Provided records →
┌──
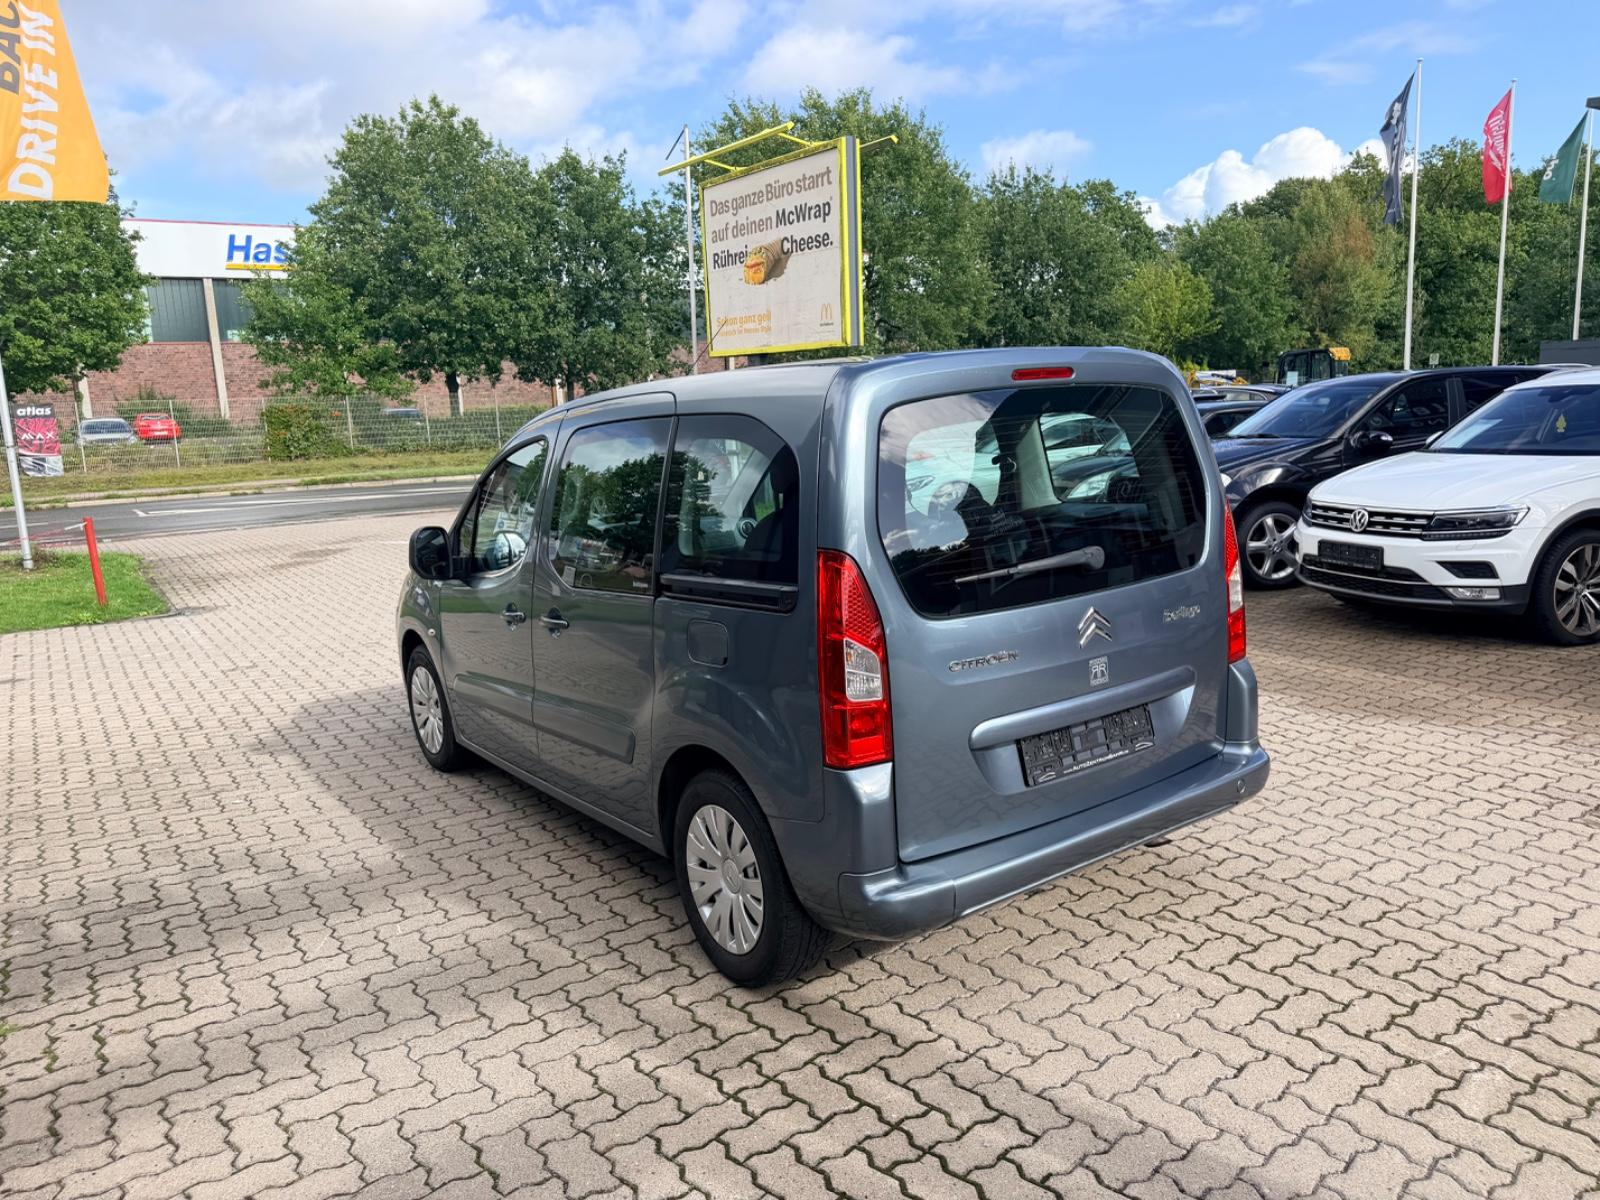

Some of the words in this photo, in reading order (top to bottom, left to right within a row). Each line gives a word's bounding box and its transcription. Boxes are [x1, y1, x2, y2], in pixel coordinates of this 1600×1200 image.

[18, 0, 56, 56] IN
[7, 62, 59, 199] DRIVE
[710, 198, 730, 217] Das
[731, 190, 764, 216] ganze
[765, 179, 794, 202] Büro
[795, 166, 832, 194] starrt
[711, 222, 730, 244] auf
[731, 216, 773, 239] deinen
[713, 245, 748, 270] Rührei
[780, 231, 834, 255] Cheese.
[16, 406, 52, 416] atlas
└──
The problem →
You are asked to reproduce each line above exactly, but to exclude the pictures.

Exercise output →
Some of the words in this photo, in reading order (top to bottom, left to right within a row). Each line gives a word's bounding box and its transcription. Boxes are [x1, y1, x2, y2], in pixel coordinates of this 1600×1200 image.

[18, 0, 56, 56] IN
[7, 62, 59, 199] DRIVE
[710, 198, 730, 217] Das
[731, 190, 764, 216] ganze
[765, 179, 794, 202] Büro
[795, 166, 832, 194] starrt
[711, 222, 730, 244] auf
[731, 216, 773, 239] deinen
[713, 245, 748, 270] Rührei
[780, 231, 834, 255] Cheese.
[16, 406, 52, 416] atlas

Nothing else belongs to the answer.